■ To do
Leave out all images and set down the records exactly as given.

■ Task data
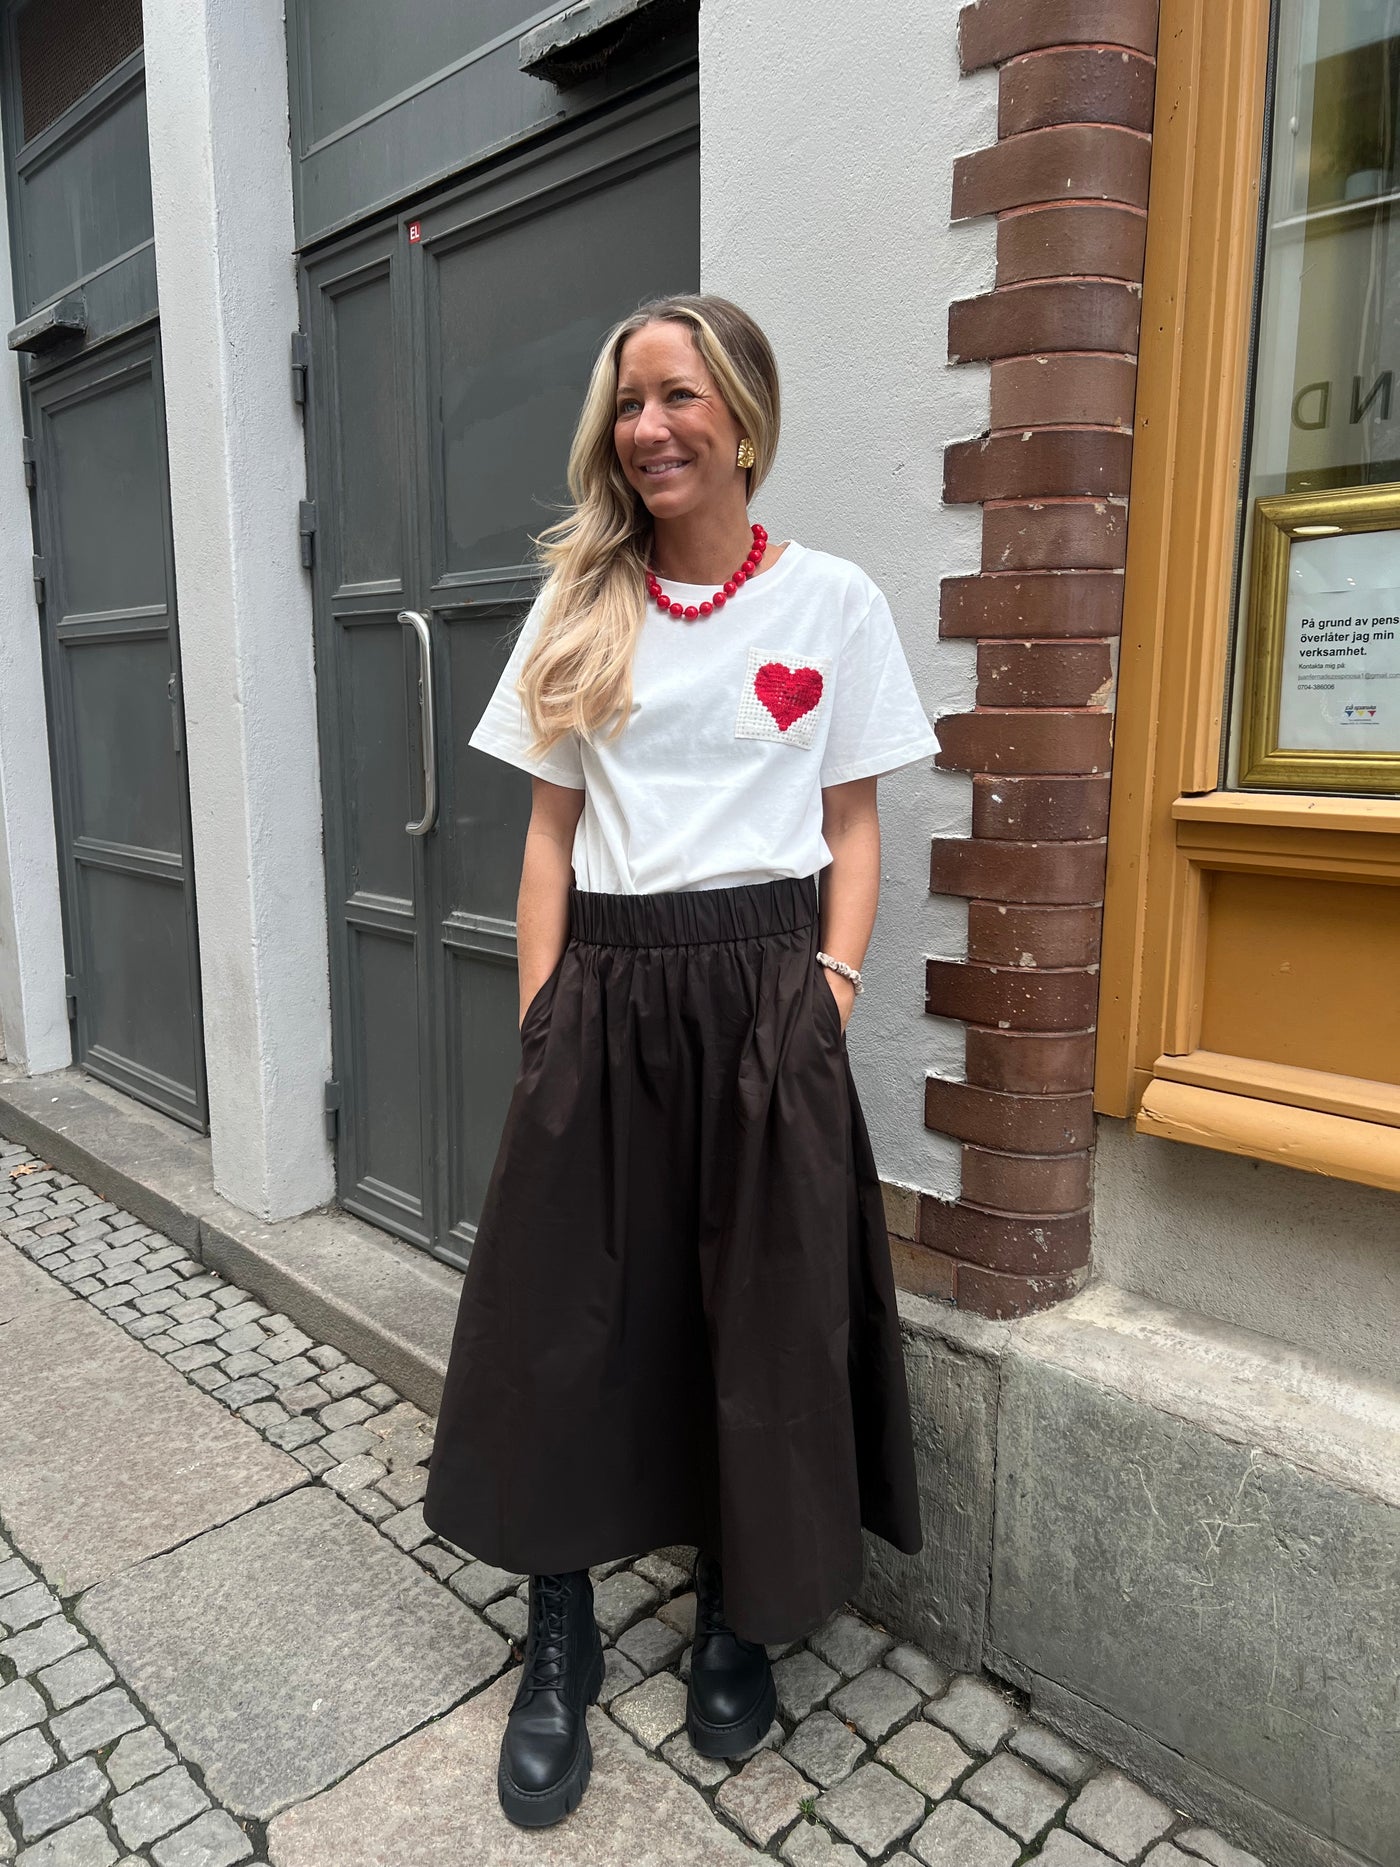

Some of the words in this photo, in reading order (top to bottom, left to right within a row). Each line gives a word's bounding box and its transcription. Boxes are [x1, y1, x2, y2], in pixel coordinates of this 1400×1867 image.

[410, 225, 420, 240] EL
[1301, 618, 1315, 628] På
[1318, 617, 1352, 630] grund
[1355, 618, 1368, 626] av
[1371, 616, 1400, 627] pens
[1300, 631, 1350, 643] överlåter
[1351, 631, 1370, 643] jag
[1373, 630, 1394, 640] min
[1299, 647, 1367, 657] verksamhet.

■ Problem solution
Some of the words in this photo, in reading order (top to bottom, left to right within a row). Each line gives a word's bounding box and its transcription. Boxes are [x1, y1, x2, y2], in pixel coordinates of this 1400×1867 image.

[410, 225, 420, 240] EL
[1301, 618, 1315, 628] På
[1318, 617, 1352, 630] grund
[1355, 618, 1368, 626] av
[1371, 616, 1400, 627] pens
[1300, 631, 1350, 643] överlåter
[1351, 631, 1370, 643] jag
[1373, 630, 1394, 640] min
[1299, 647, 1367, 657] verksamhet.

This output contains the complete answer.